Calcio, la FIFA controlli la ripresa: il calciomercato non sia sciacallaggio

I club più abbienti potrebbero comprare sottocosto un calciatore valutato più del doppio durante il periodo precedente allo stop per la pandemia

di Matteo Spinelli

ROMA - «Il calcio è la cosa più importante delle cose meno importanti», parola di Arrigo Sacchi. Una frase che, di questi tempi, sembra più che attuale. Anzi, forse il calcio non è più neanche catalogato tra le cose meno importanti. Dallo scoppio dell’emergenza coronavirus, infatti, lo sport – ed in particolar modo il calcio – sta trovando uno spazio di rilievo tra le cronache nazionali ed internazionali.
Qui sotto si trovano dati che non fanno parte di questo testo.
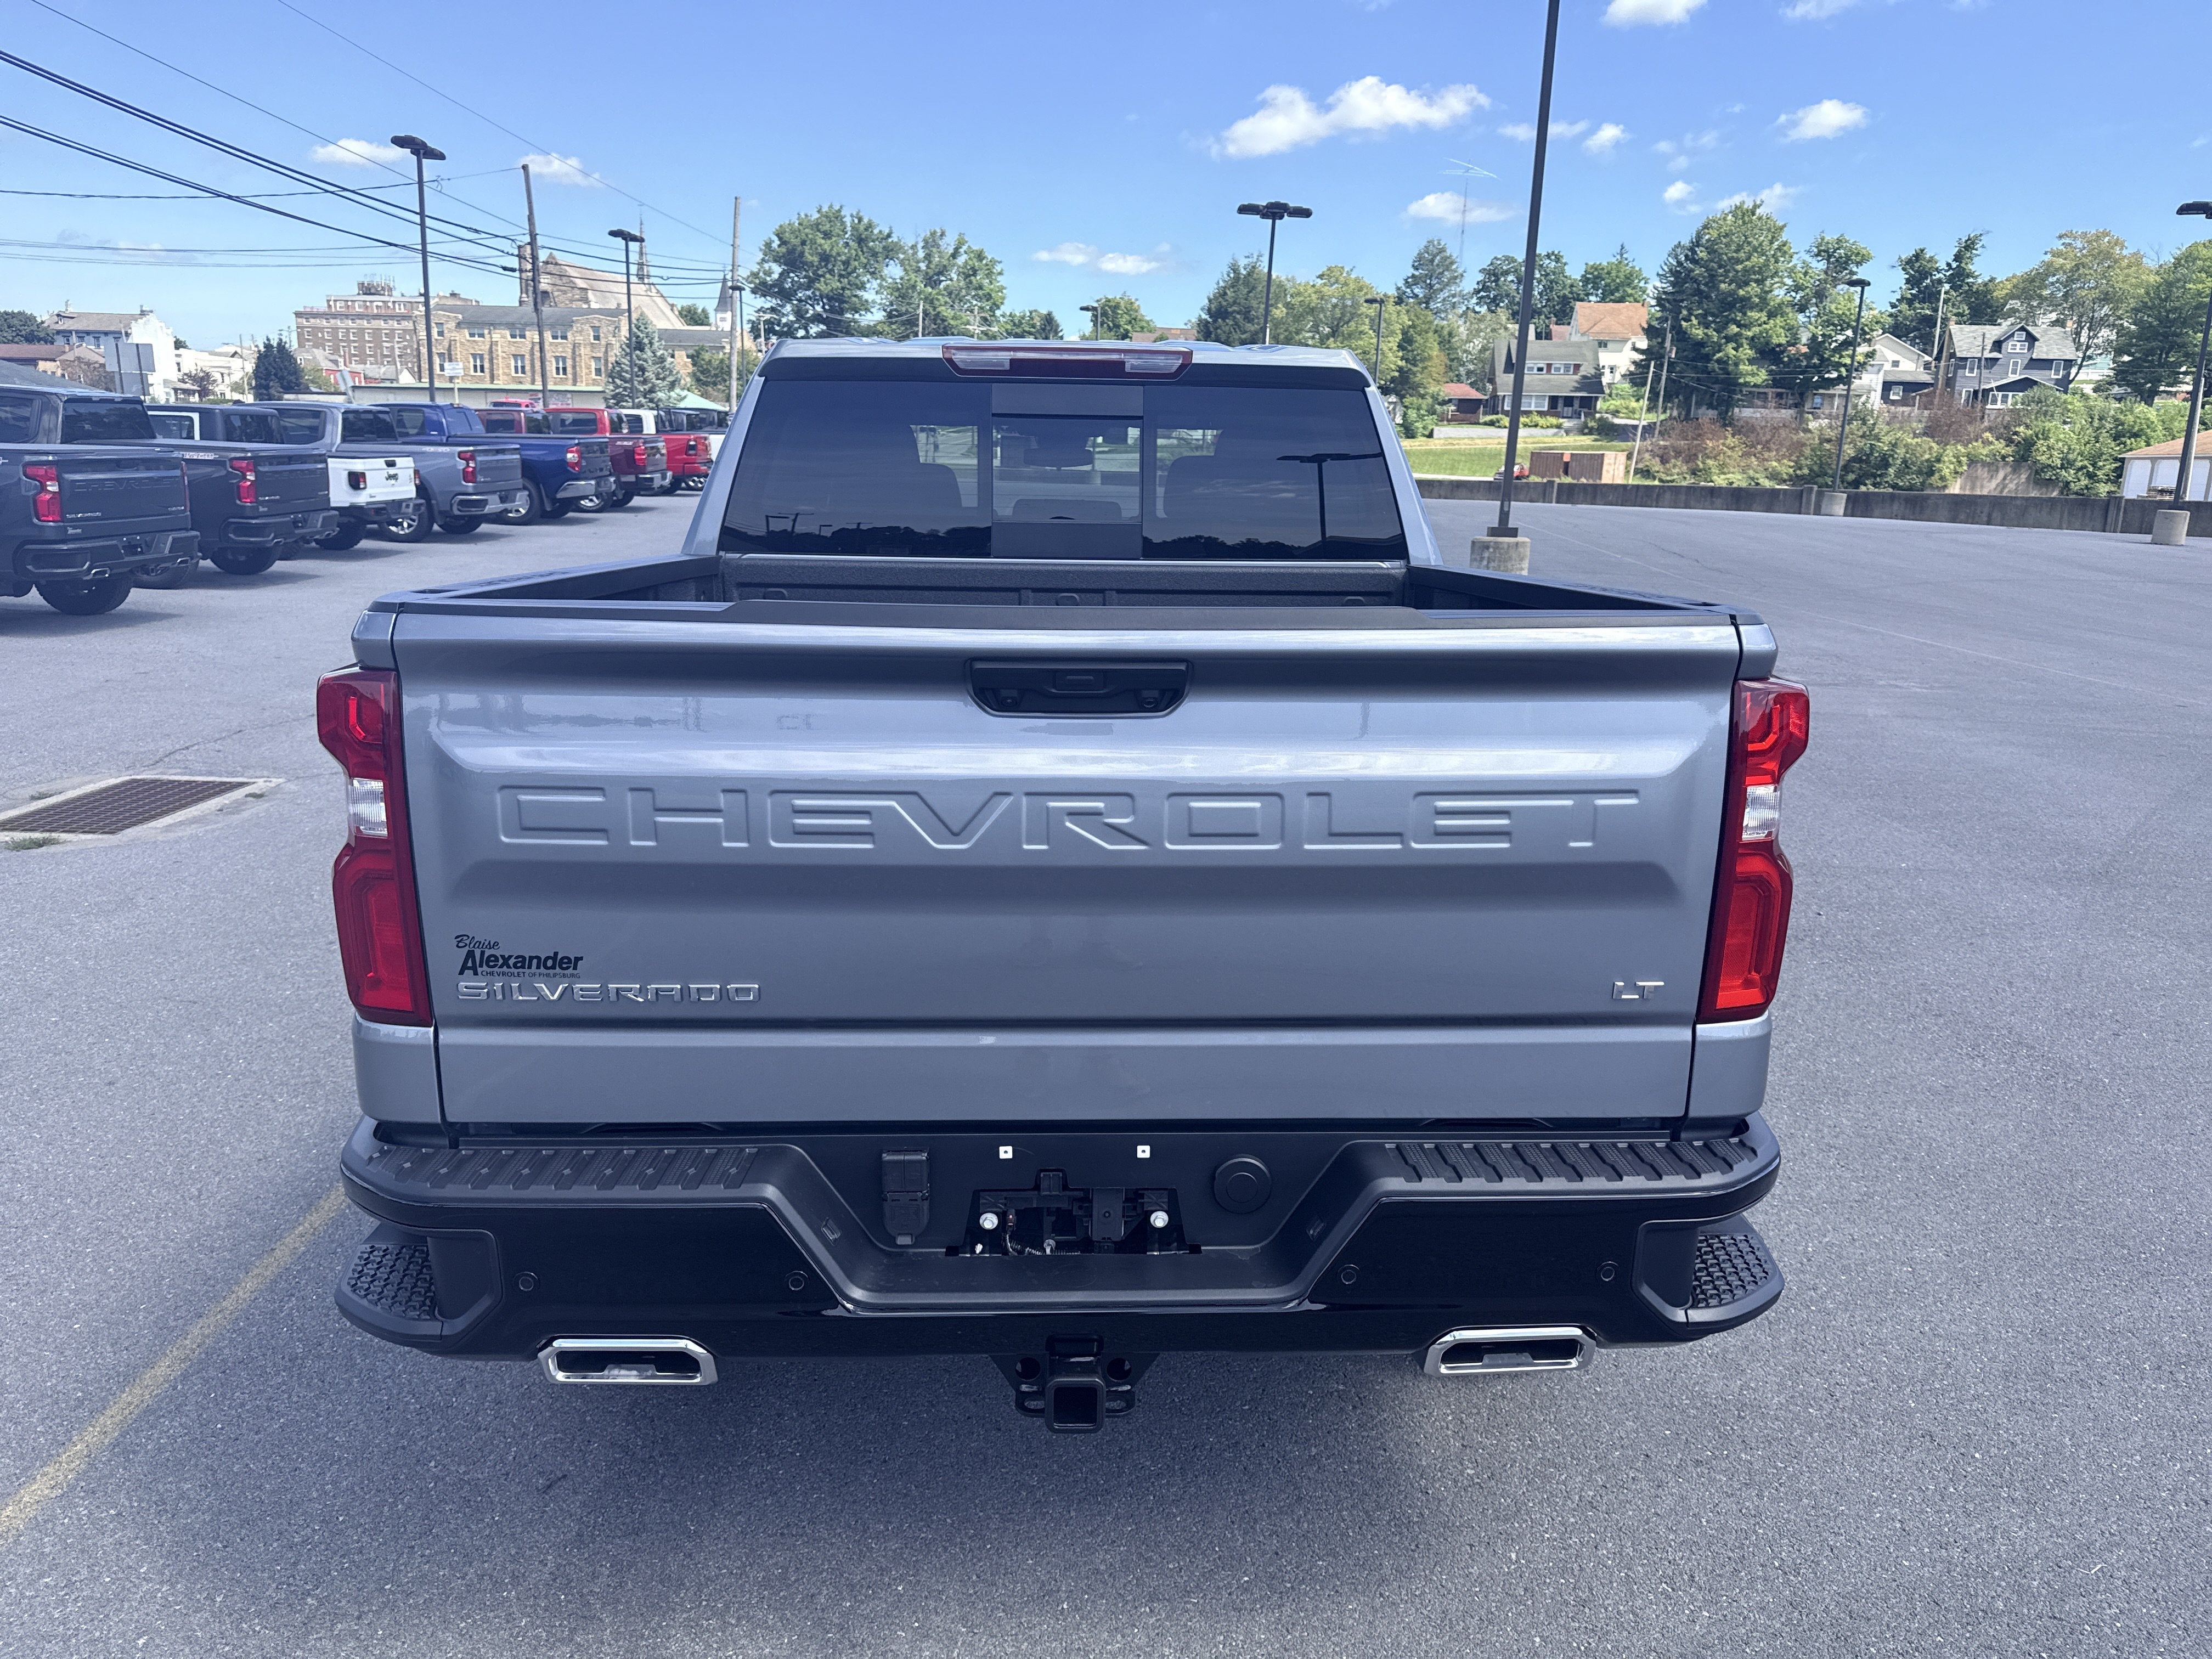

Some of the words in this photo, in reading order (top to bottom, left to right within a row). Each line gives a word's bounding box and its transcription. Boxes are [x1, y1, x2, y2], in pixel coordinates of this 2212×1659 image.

[496, 785, 1640, 850] CHEVROLET
[454, 934, 501, 950] Blaise
[458, 949, 584, 976] Alexander
[481, 970, 527, 978] CHEVROLET
[458, 982, 760, 1002] SILVERADO
[1612, 981, 1665, 1000] LT
La Francia ha deciso di porre fine alla Ligue 1, nominando (non senza polemiche) il Paris Saint Germain campione. Inghilterra e Spagna, dati alla mano, stanno cercando di analizzare la situazione per capire se e quando riprendere. Guardando in casa nostra, invece, la situazione è più intricata che mai. Se da una parte le società (quasi tutte) spingono per la ripartenza, dall’altra il Governo non sembra convinto al 100% che la strada giusta da seguire sia quella del via libera. Una questione spigolosa – in pieno italian style – da affrontare al più presto, prendendo una decisione; in un verso o nell’altro.
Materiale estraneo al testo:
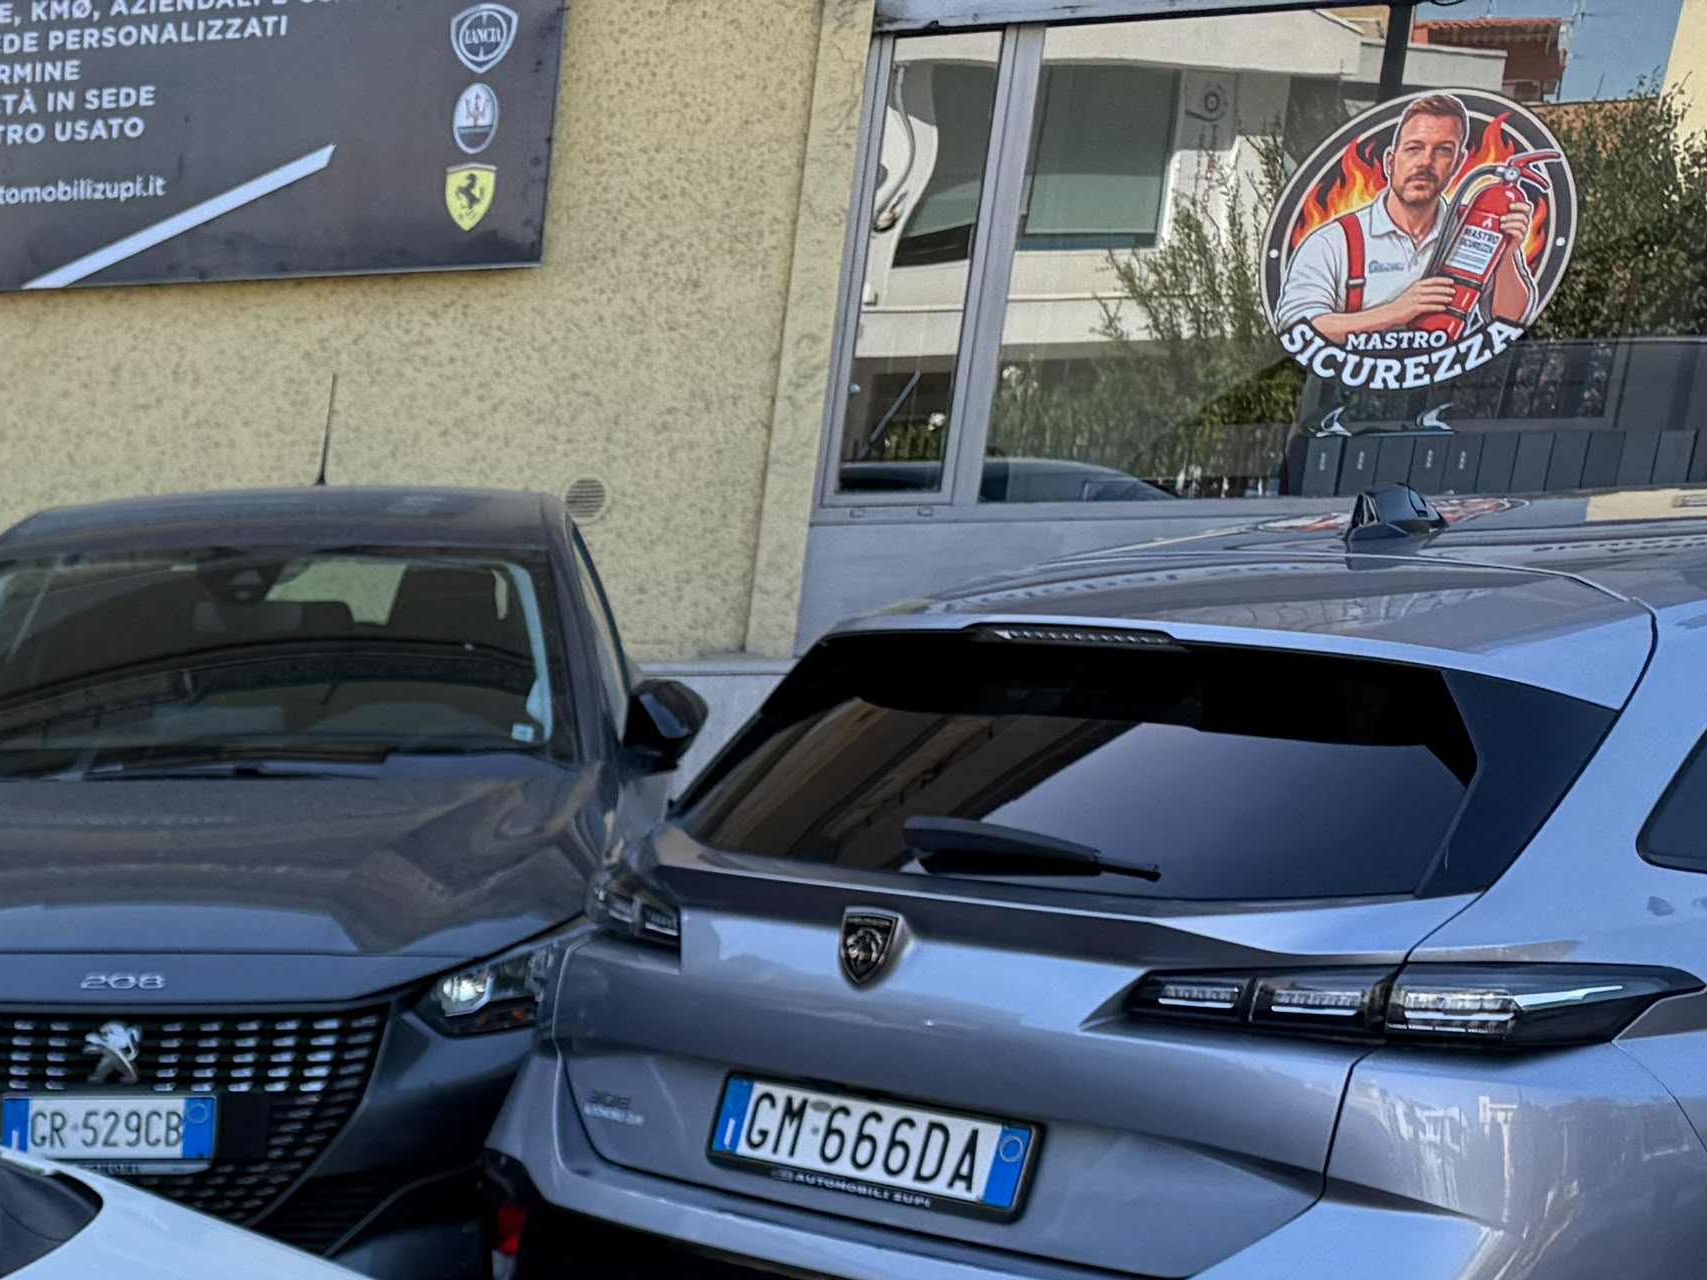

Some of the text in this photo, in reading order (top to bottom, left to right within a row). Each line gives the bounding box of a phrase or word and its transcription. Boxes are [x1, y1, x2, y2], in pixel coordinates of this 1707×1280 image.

[48, 15, 289, 52] PERSONALIZZATI
[464, 27, 502, 45] LANCIA
[46, 91, 75, 113] IN
[84, 85, 156, 110] SEDE
[54, 117, 145, 142] USATO
[1346, 330, 1448, 351] MASTRO
[1280, 319, 1526, 390] SICUREZZA
[80, 973, 166, 990] 208
Ovviamente, oltre al lato umano e sanitario, va considerato anche quello economico. Il calcio, infatti, non è solamente quello dei contratti faraonici di Cristiano Ronaldo, Leo Messi o Neymar. Tutta la struttura – tra giornalisti, addetti ai lavori, inservienti ed affini – produce un indotto importante, che verrebbe danneggiato nel caso in cui si dicesse “stop” e non venisse attuato un piano a salvaguardia delle categorie sopraelencate.
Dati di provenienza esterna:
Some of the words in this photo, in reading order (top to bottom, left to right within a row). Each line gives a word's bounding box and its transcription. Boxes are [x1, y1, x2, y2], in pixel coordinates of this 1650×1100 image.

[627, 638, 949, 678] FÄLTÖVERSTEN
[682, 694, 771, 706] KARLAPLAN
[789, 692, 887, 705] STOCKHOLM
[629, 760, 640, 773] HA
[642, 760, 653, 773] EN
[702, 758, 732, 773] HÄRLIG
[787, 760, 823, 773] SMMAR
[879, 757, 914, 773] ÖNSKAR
Scavando nell’aspetto economico, però, c’è anche un altro fattore – sicuramente meno sociale e più “materiale” – da prendere in considerazione. Gli esperti di calciomercato e finanza calcistica, nei giorni scorsi, hanno ampiamente dimostrato come il lockdown calcistico abbia, di fatto, svalutato il valore delle squadre, andando ad incidere anche sul cartellino dei singoli calciatori. Se da una parte questo potrebbe essere visto come un bene – che potrebbe in un certo qual senso calmierare il prezzo dei calciatori, ormai arrivato a cifre imbarazzanti – va analizzato anche un altro aspetto. La svalutazione di alcuni giocatori, dettata non dalle prestazioni sportive ma solamente dalla situazione di stallo, potrebbe creare un forte squilibrio (maggiore di quello già esistente) tra le squadre.

Club come Manchester City, Paris Saint Germain, Real Madrid o Barcellona – solo per citare alcune delle più ricche squadre europee – potrebbero comprare sottocosto un calciatore valutato più del doppio durante il periodo precedente allo stop per la pandemia. Tutto questo creerebbe, inevitabilmente, un ulteriore spaccatura tra club di prestigio e squadre che, ogni anno, cercano di emergere. Una situazione sicuramente da non sottovalutare, soprattutto in un periodo storico come questo dove Fair Play Finanziario, ripartizione equa dei diritti tv e questione etica economica sono termini all’ordine del giorno.

La speranza è che i massimi organismi calcistici mondiali – FIFA in primis – possano vigilare sull’operato dei club, cercando di stabilire quel concetto di equità e giustizia tanto ricercato (almeno a parole). La regolamentazione del calciomercato post lockdown, in tal senso, potrebbe sicuramente aiutare e chissà che, per una volta, impedire il trasferimento dei calciatori per un anno non possa aiutare e ridefinire, con maggior calma e precisione, il reale valore di ogni singolo calciatore.